With the activation of C-Band frequencies by AT&T and Verizon, millions of Americans can now use upgraded 5G networks. The long-awaited rollout began on January 19. However, both companies temporarily postponed plans for 5G networks near certain airports. This is in response to complaints from the Federal Aviation Administration and multiple airlines. They complained regarding 5G repeater interference affecting airline radio altimeters.
New wireless technologies and standards always came with some technical complications and setbacks. When the GSM system launched, hearing aids buzzed and popped with static. Early cell phone frequencies also caused problems by occasionally disrupting pacemakers.

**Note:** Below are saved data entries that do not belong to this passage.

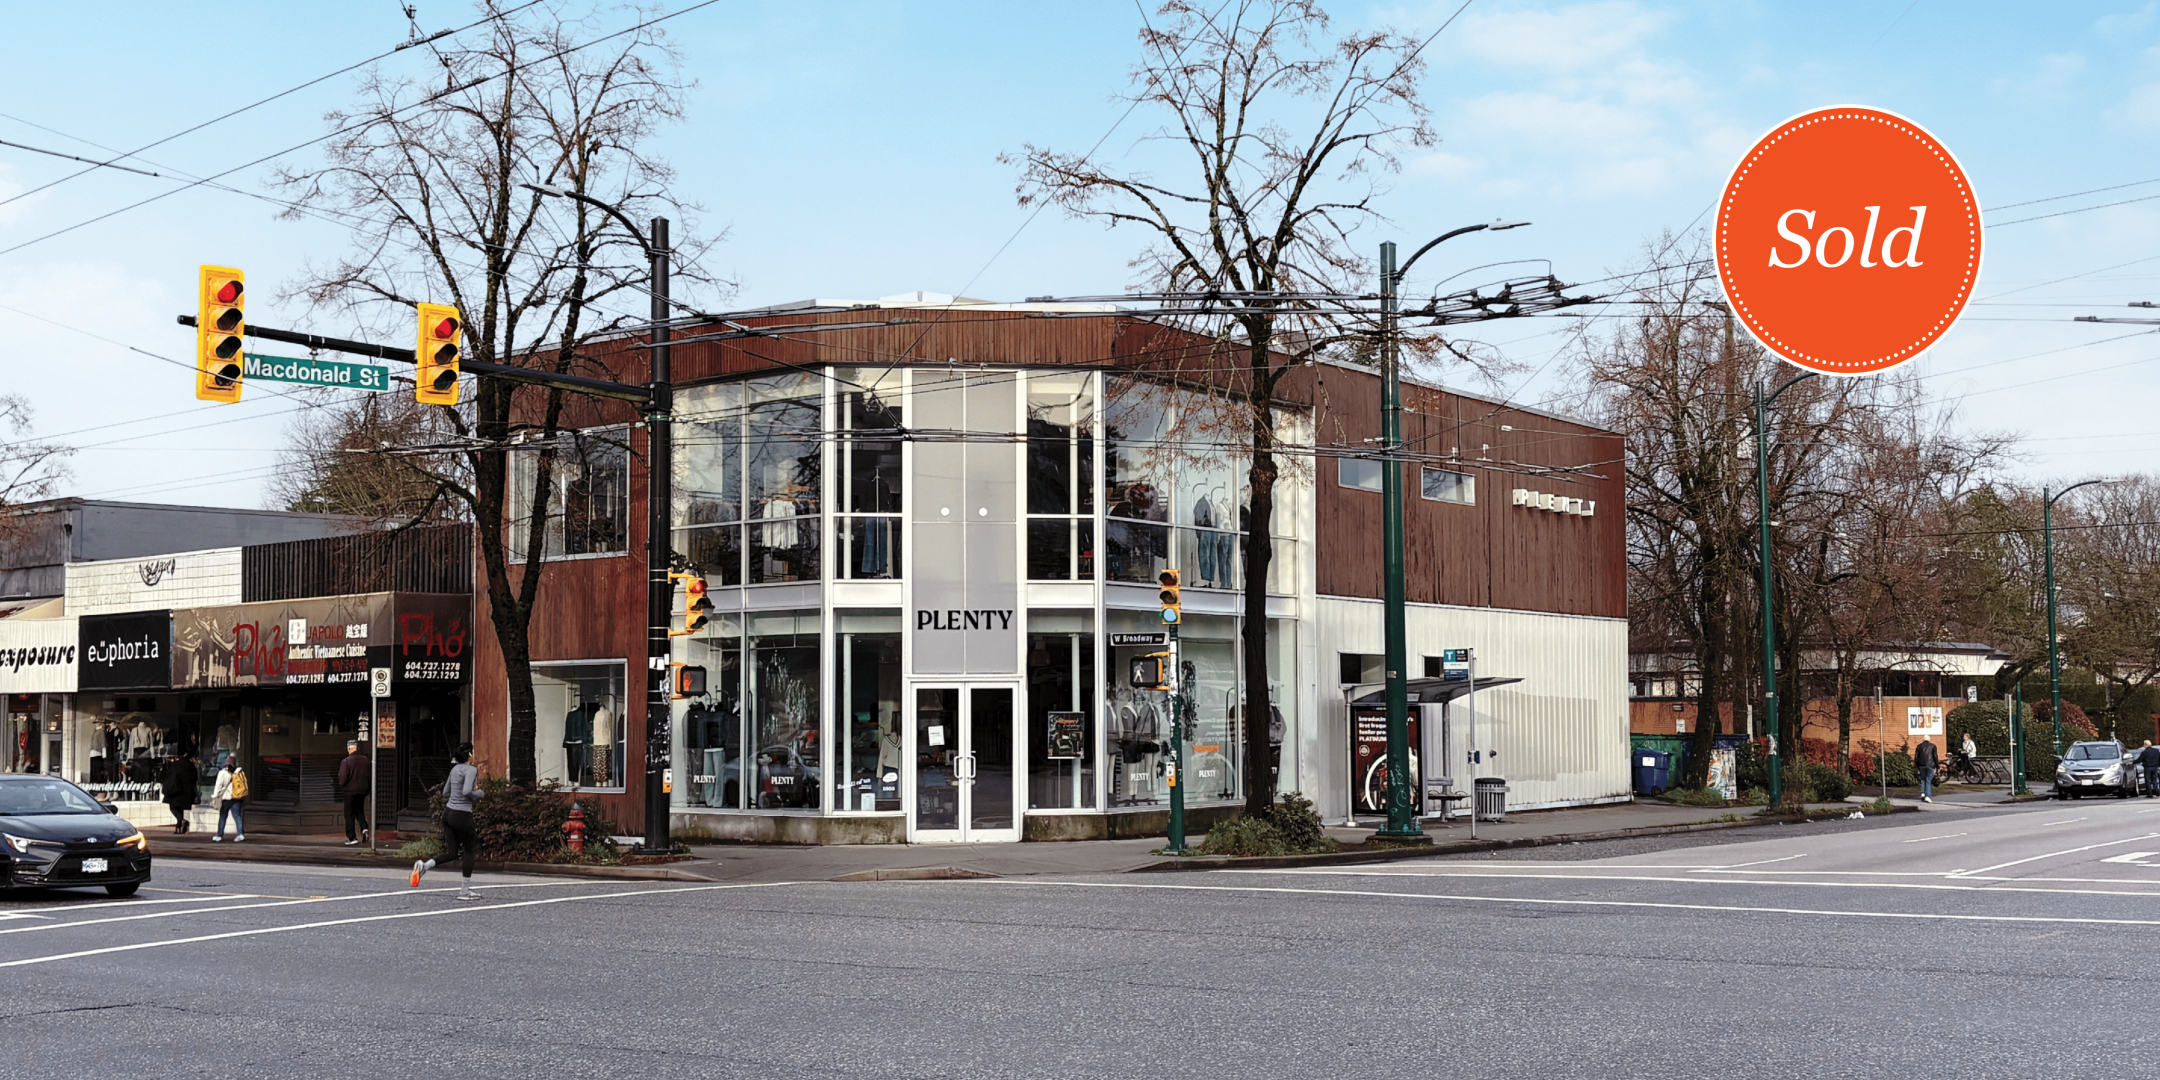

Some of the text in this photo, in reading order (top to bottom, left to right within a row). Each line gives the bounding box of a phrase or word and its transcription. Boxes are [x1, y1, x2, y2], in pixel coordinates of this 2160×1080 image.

[244, 357, 380, 386] Macdonald St
[1512, 488, 1596, 516] PLENTY
[917, 610, 1013, 630] PLENTY
[308, 625, 344, 640] JAPOLO
[1122, 634, 1153, 643] Broadway
[314, 644, 346, 658] Vietnamese
[345, 642, 367, 657] Cuisine
[405, 661, 461, 671] 604.737.1278
[404, 670, 460, 679] 604.737.1293
[1910, 714, 1932, 728] VPL
[1130, 772, 1149, 781] PLENTY
[1198, 769, 1216, 778] PLENTY
[693, 774, 716, 784] PLENTY
[771, 776, 794, 785] PLENTY
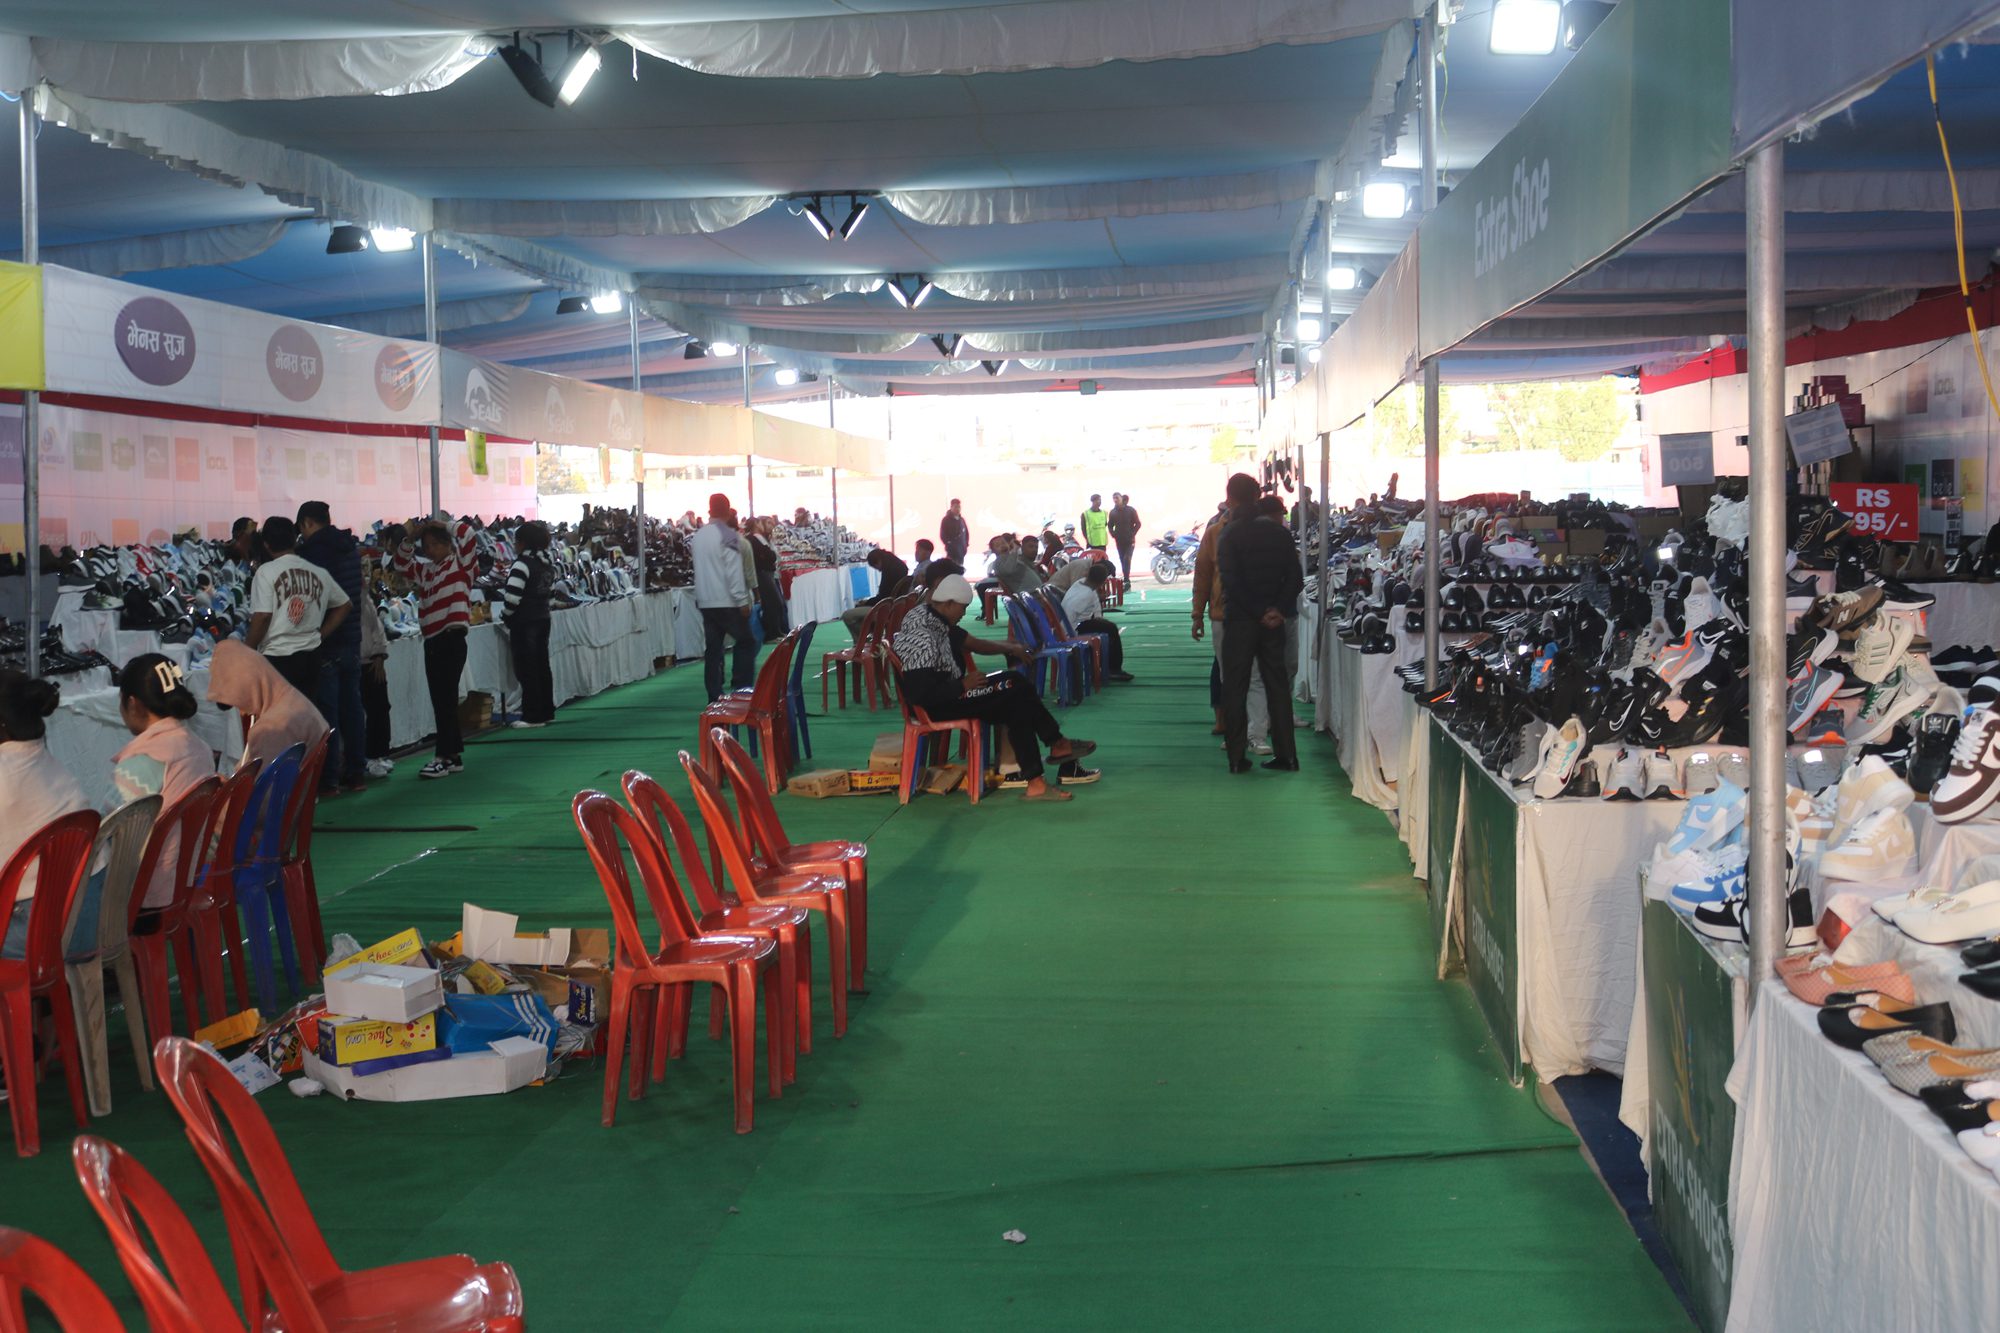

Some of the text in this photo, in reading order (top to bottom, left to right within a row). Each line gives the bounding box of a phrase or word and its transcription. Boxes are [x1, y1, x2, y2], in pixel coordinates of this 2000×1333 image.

First implemented in 2019, 5G stands for the fifth generation and refers to the most recent cellular service standard. 5G uses radio waves shot at local cell towers at broadband speeds up to 10Gb/s. It is to access the internet and telephone network, comparable to 4G. However, because 5G rollout uses the C band spectrum, there’s a potential it’ll interfere with radio altimeters. It is especially common in older units that don’t have enough RF shielding.
Now, as carriers roll out 5G rollout networks across the country, a catastrophic risk emerges. For instance, 5G’s spectrum bands might interfere with radio altimeters on commercial planes flying below 2,500 feet. It might lead to automatic landing controls underestimating the ground’s distance and crash.
The landing is one of the most critical aspects of a flight. As a result, the FAA and the FCC debated how, when, and where 5G implementation is secure. It led to a setback to the 5G rollout plans. The FAA governs air travel in the United States. On the other hand, the FCC oversees the use of the US telecommunications spectrum.